> [Work to complete] Return the records below exactly; pictures stay out.

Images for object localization
------------------------------------------------

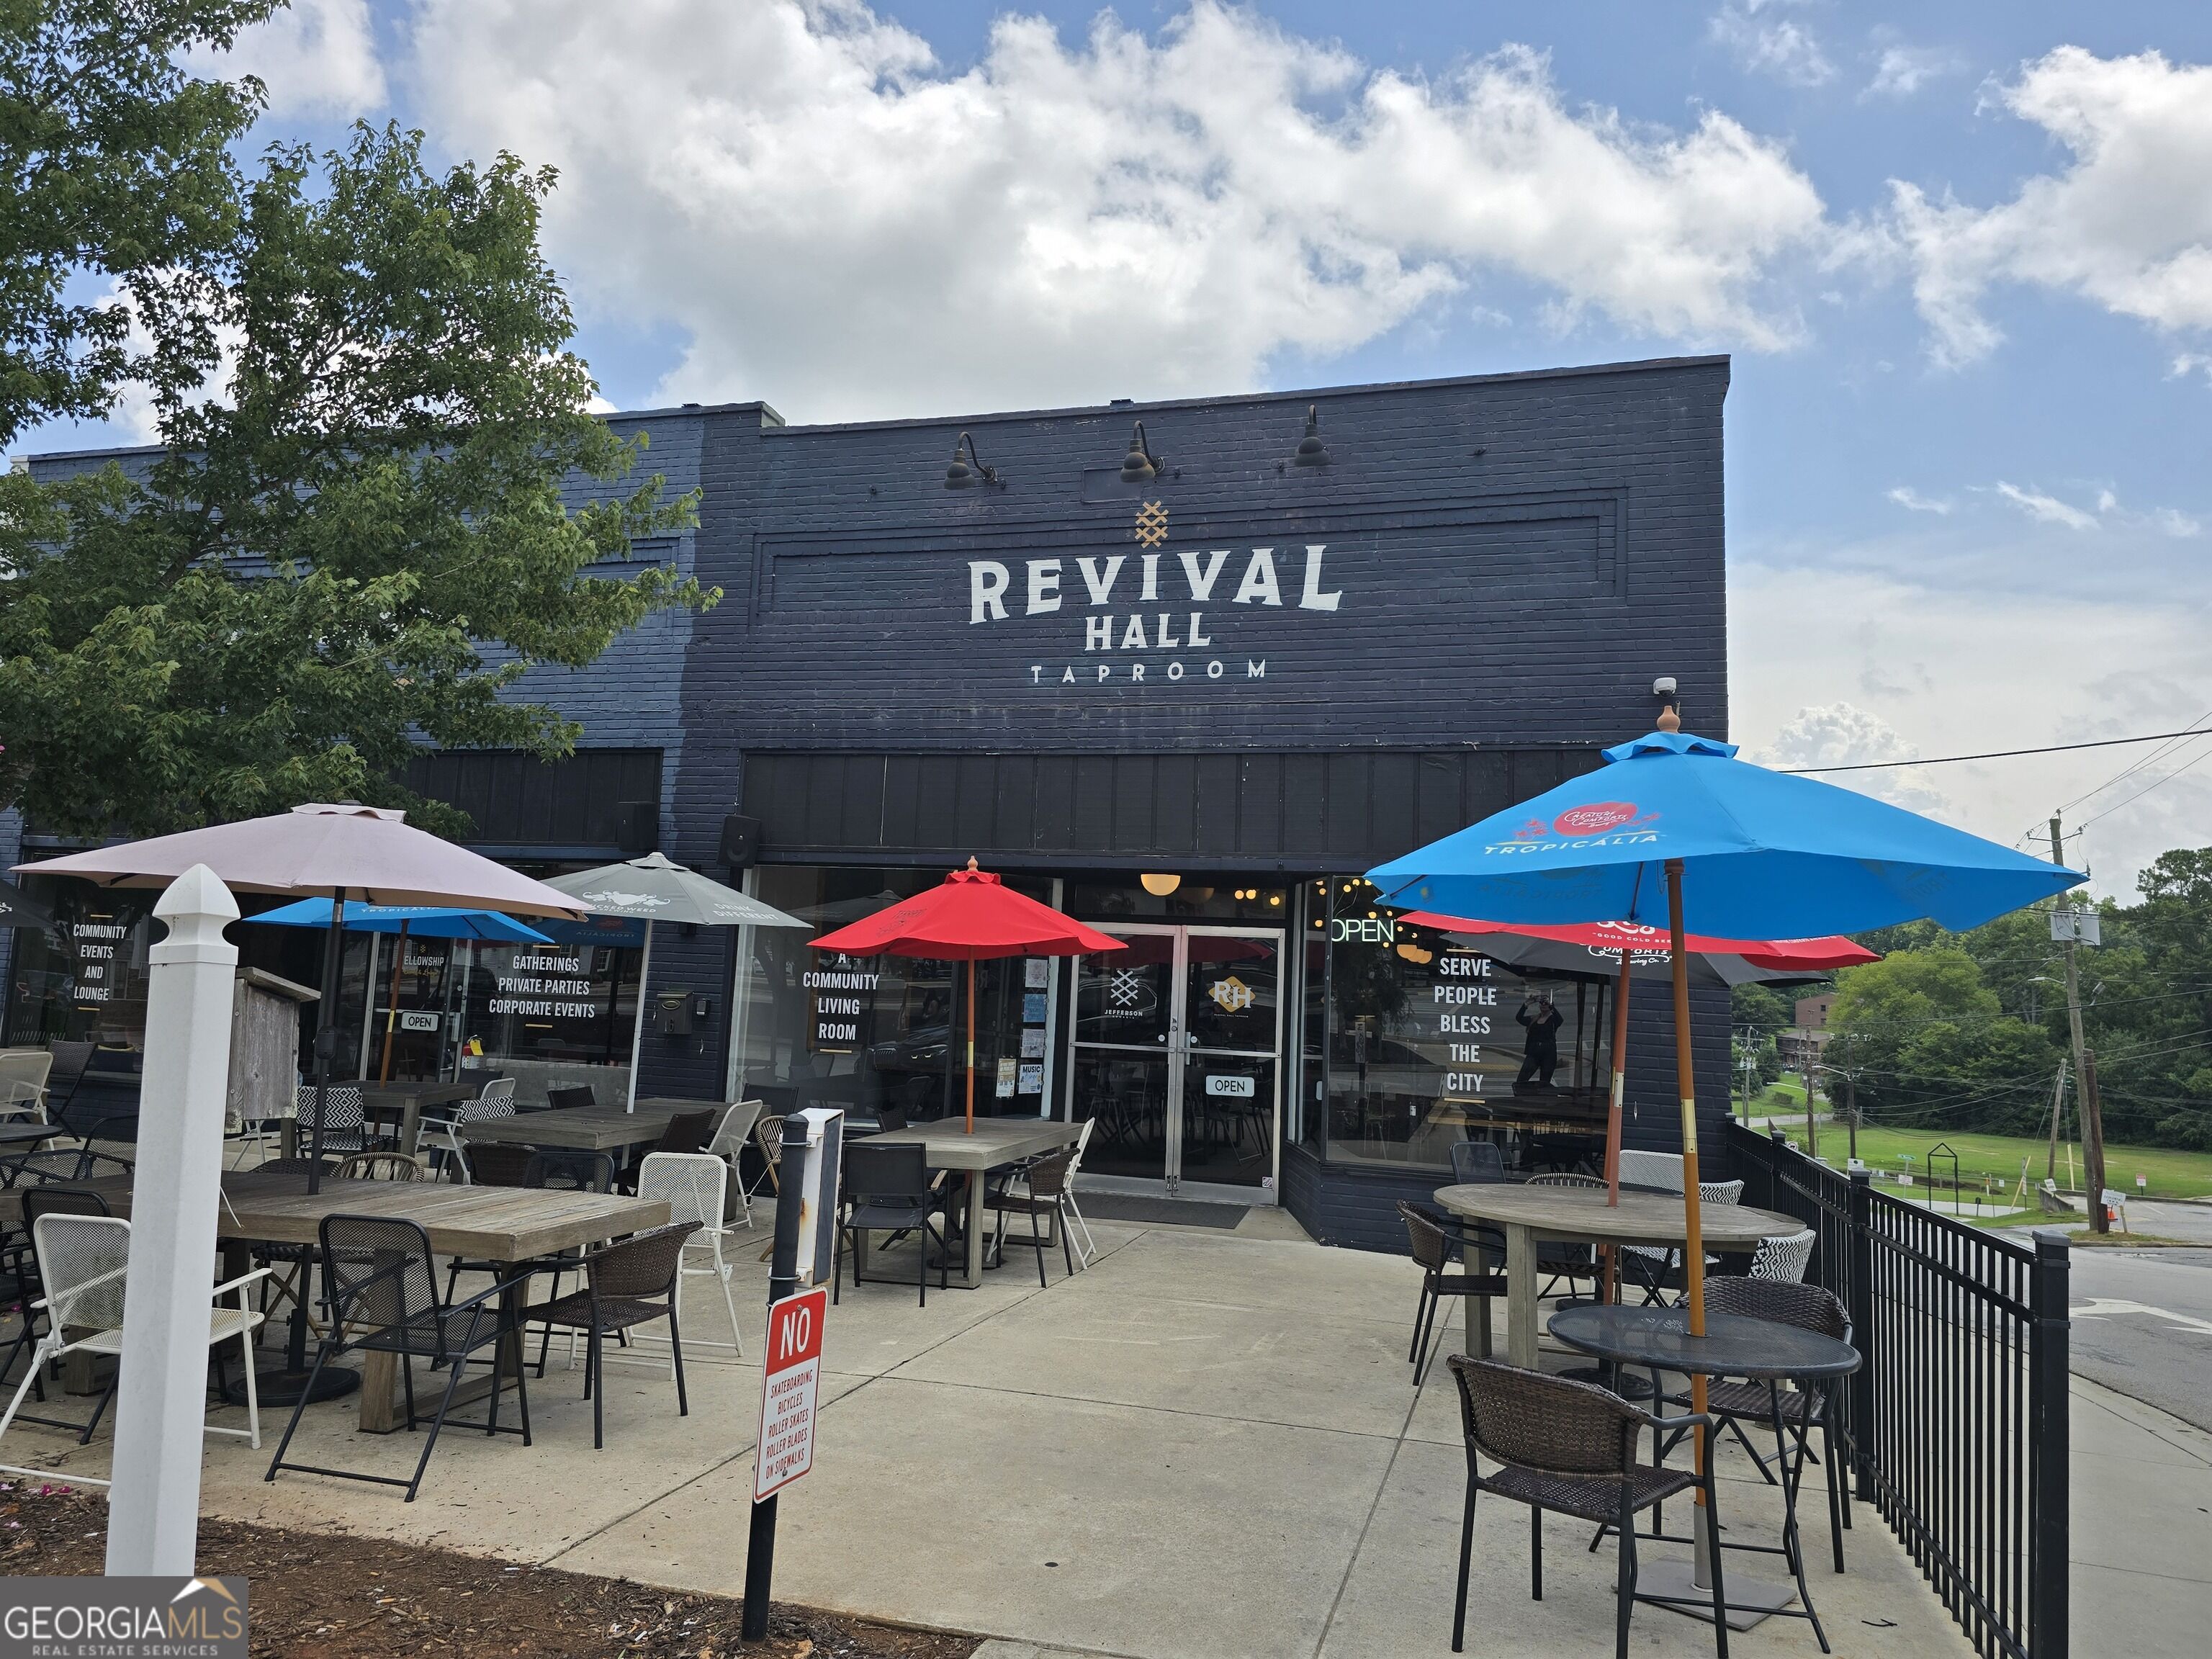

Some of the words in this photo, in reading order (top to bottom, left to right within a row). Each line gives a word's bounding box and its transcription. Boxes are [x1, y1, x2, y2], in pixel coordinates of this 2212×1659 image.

[967, 544, 1343, 625] REVIVAL
[1084, 611, 1212, 651] HALL
[1030, 658, 1267, 684] TAPROOM
[712, 910, 779, 920] DIFFERENT
[714, 903, 755, 912] DRINK
[73, 924, 127, 939] COMMUNITY
[1331, 919, 1394, 943] OPEN
[80, 945, 114, 958] EVENTS
[404, 956, 444, 966] ELLOWSHIP
[837, 953, 847, 963] A
[84, 966, 104, 979] AND
[513, 955, 579, 971] GATHERINGS
[1440, 957, 1491, 976] SERVE
[498, 977, 542, 993] PRIVATE
[544, 979, 590, 995] PARTIES
[803, 972, 879, 990] COMMUNITY
[73, 986, 109, 1001] LOUNGE
[1434, 985, 1497, 1006] PEOPLE
[489, 999, 552, 1016] CORPORATE
[554, 1002, 595, 1018] EVENTS
[817, 997, 860, 1015] LIVING
[408, 1016, 432, 1028] OPEN
[818, 1022, 857, 1040] ROOM
[1440, 1014, 1491, 1035] BLESS
[1449, 1043, 1480, 1063] THE
[1215, 1079, 1245, 1092] OPEN
[1446, 1072, 1483, 1092] CITY
[780, 1307, 811, 1360] NO
[770, 1370, 813, 1399] SKATEBOARDING
[778, 1392, 804, 1415] BICYCLES
[768, 1417, 788, 1439] ROLLER
[789, 1408, 809, 1429] SKATES
[766, 1437, 786, 1460] ROLLER
[787, 1428, 808, 1449] BLADES
[765, 1464, 774, 1479] ON
[775, 1447, 805, 1474] SIDEWALKS
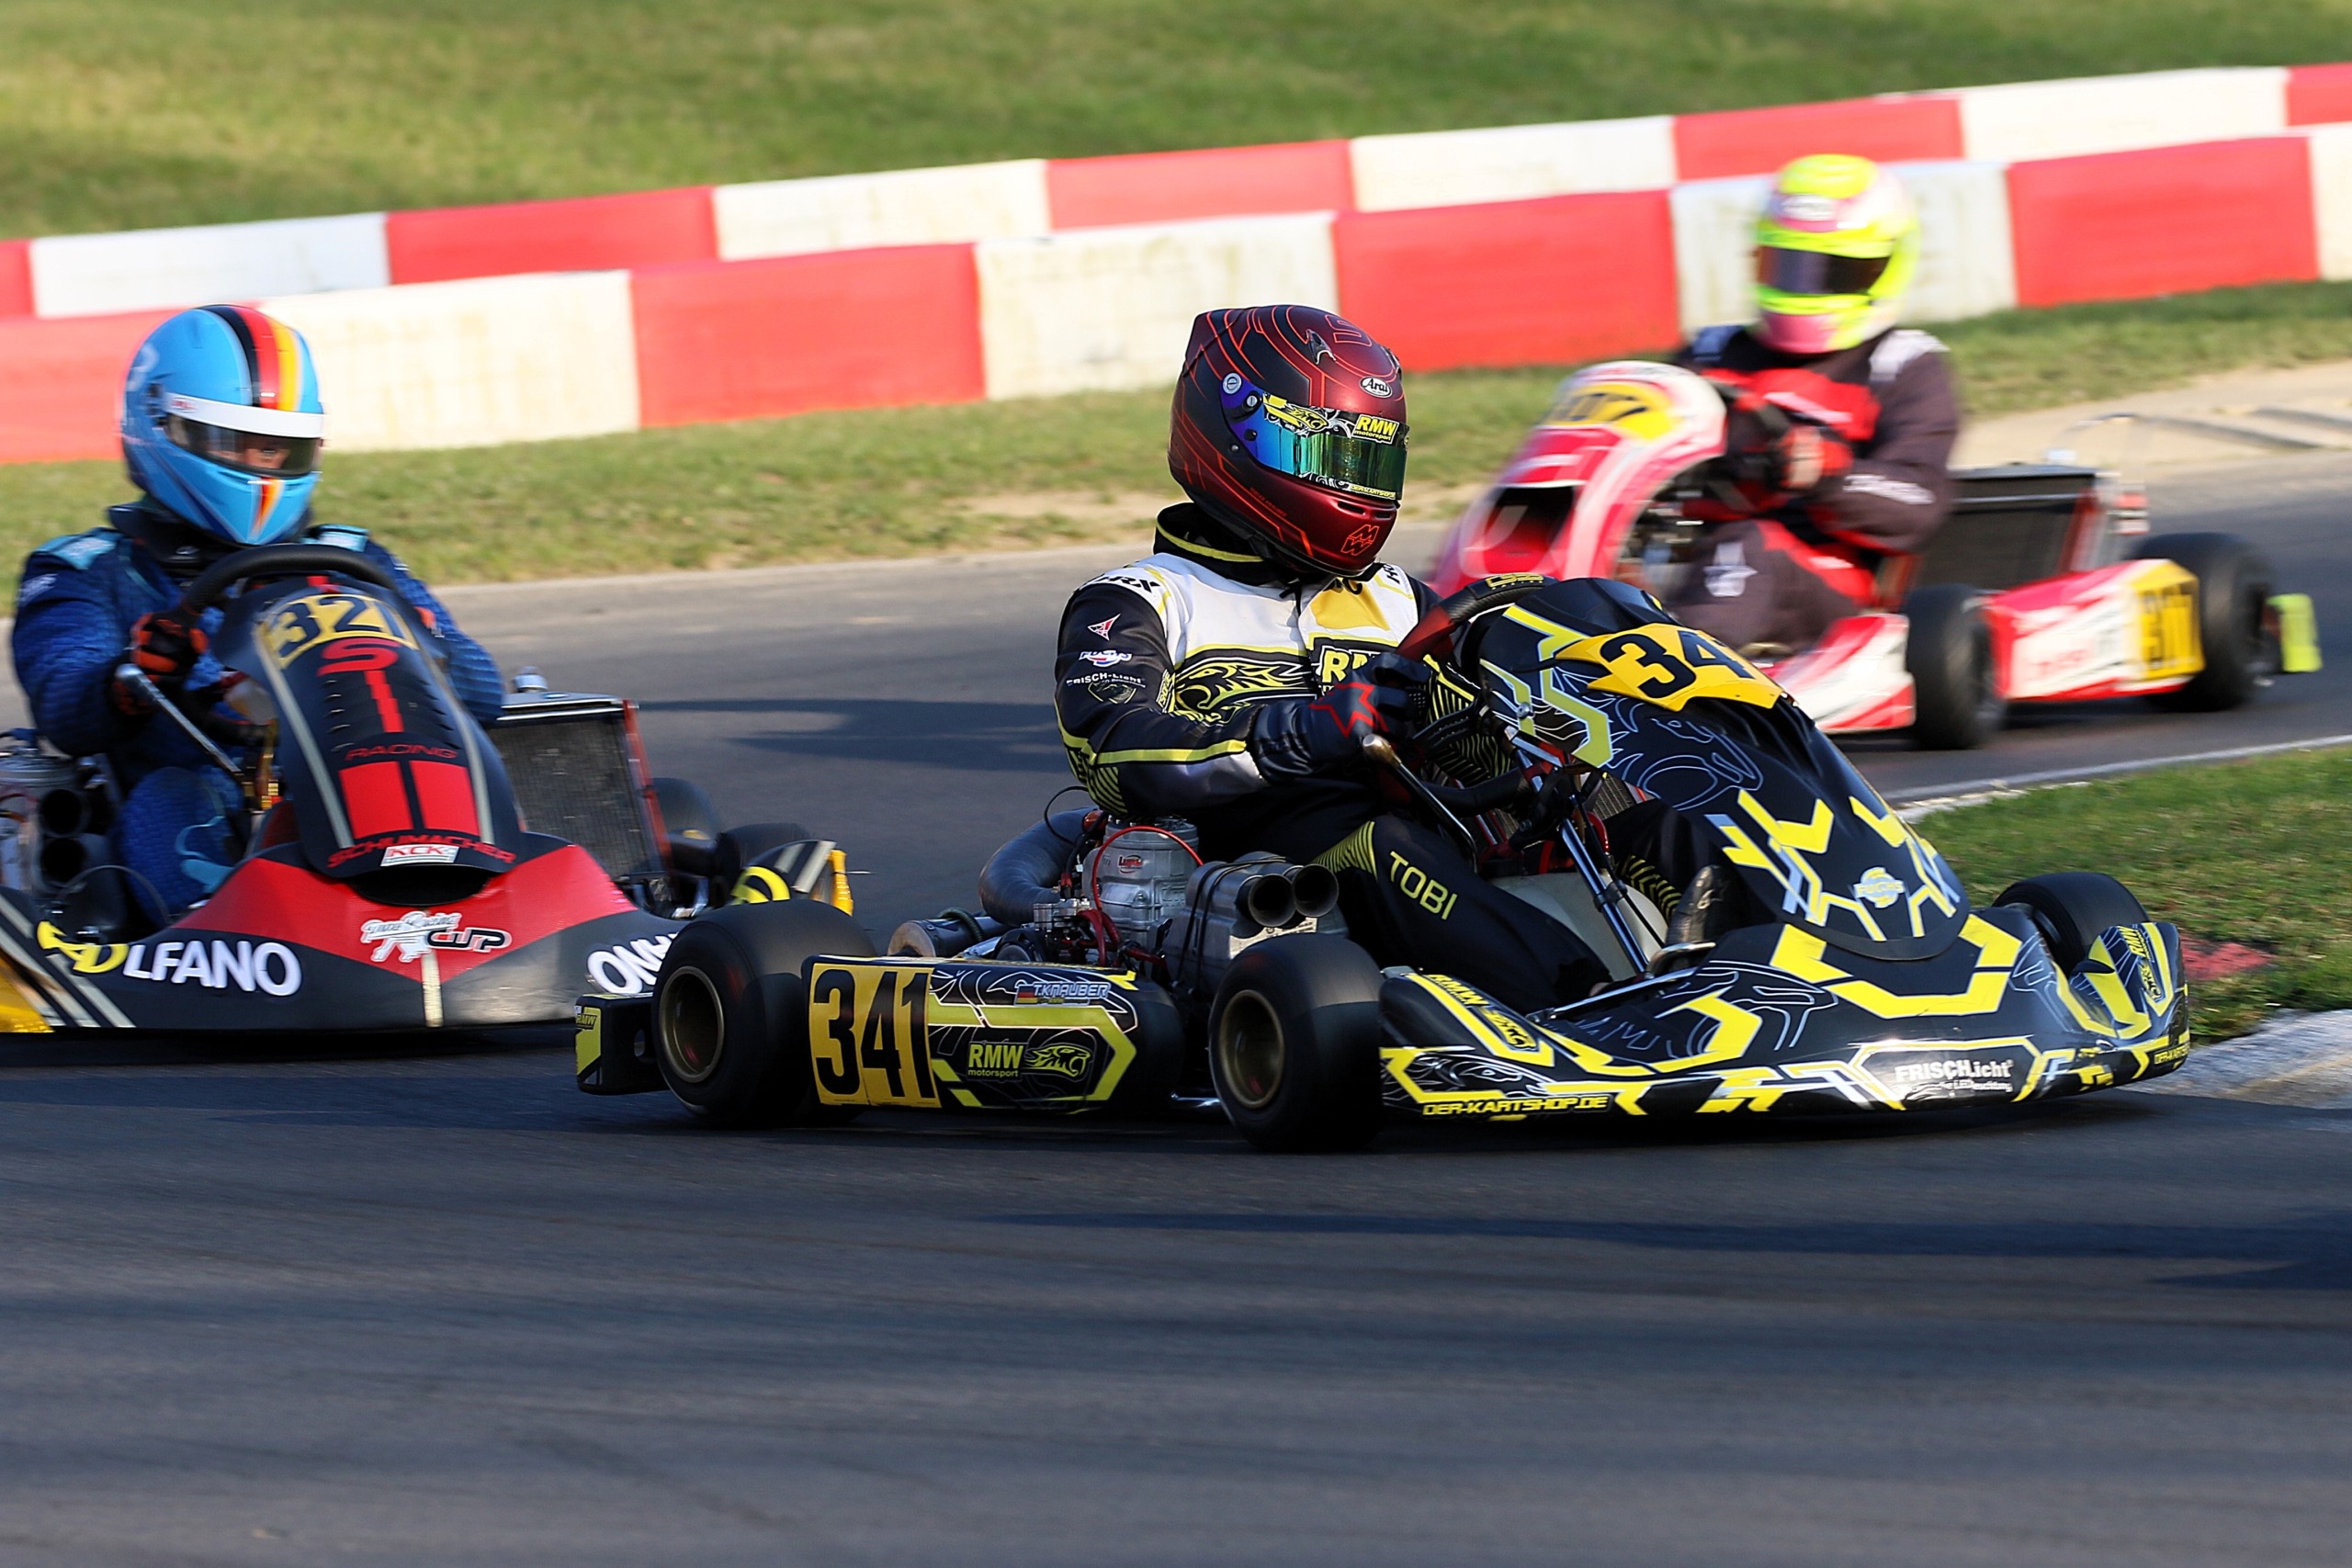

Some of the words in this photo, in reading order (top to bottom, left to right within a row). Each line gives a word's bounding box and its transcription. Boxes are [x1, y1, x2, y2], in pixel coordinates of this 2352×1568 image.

------------------------------------------------

> [Reply]
Some of the words in this photo, in reading order (top to bottom, left to right within a row). Each line gives a word's bounding box and its transcription. Boxes are [x1, y1, x2, y2], in pixel coordinates of this 2212×1659 image.

[967, 544, 1343, 625] REVIVAL
[1084, 611, 1212, 651] HALL
[1030, 658, 1267, 684] TAPROOM
[712, 910, 779, 920] DIFFERENT
[714, 903, 755, 912] DRINK
[73, 924, 127, 939] COMMUNITY
[1331, 919, 1394, 943] OPEN
[80, 945, 114, 958] EVENTS
[404, 956, 444, 966] ELLOWSHIP
[837, 953, 847, 963] A
[84, 966, 104, 979] AND
[513, 955, 579, 971] GATHERINGS
[1440, 957, 1491, 976] SERVE
[498, 977, 542, 993] PRIVATE
[544, 979, 590, 995] PARTIES
[803, 972, 879, 990] COMMUNITY
[73, 986, 109, 1001] LOUNGE
[1434, 985, 1497, 1006] PEOPLE
[489, 999, 552, 1016] CORPORATE
[554, 1002, 595, 1018] EVENTS
[817, 997, 860, 1015] LIVING
[408, 1016, 432, 1028] OPEN
[818, 1022, 857, 1040] ROOM
[1440, 1014, 1491, 1035] BLESS
[1449, 1043, 1480, 1063] THE
[1215, 1079, 1245, 1092] OPEN
[1446, 1072, 1483, 1092] CITY
[780, 1307, 811, 1360] NO
[770, 1370, 813, 1399] SKATEBOARDING
[778, 1392, 804, 1415] BICYCLES
[768, 1417, 788, 1439] ROLLER
[789, 1408, 809, 1429] SKATES
[766, 1437, 786, 1460] ROLLER
[787, 1428, 808, 1449] BLADES
[765, 1464, 774, 1479] ON
[775, 1447, 805, 1474] SIDEWALKS

Some of the words in this photo, in reading order (top to bottom, left to right within a row). Each line gives a word's bounding box and its transcription. Boxes are [x1, y1, x2, y2], in pixel coordinates of this 2352×1568 image.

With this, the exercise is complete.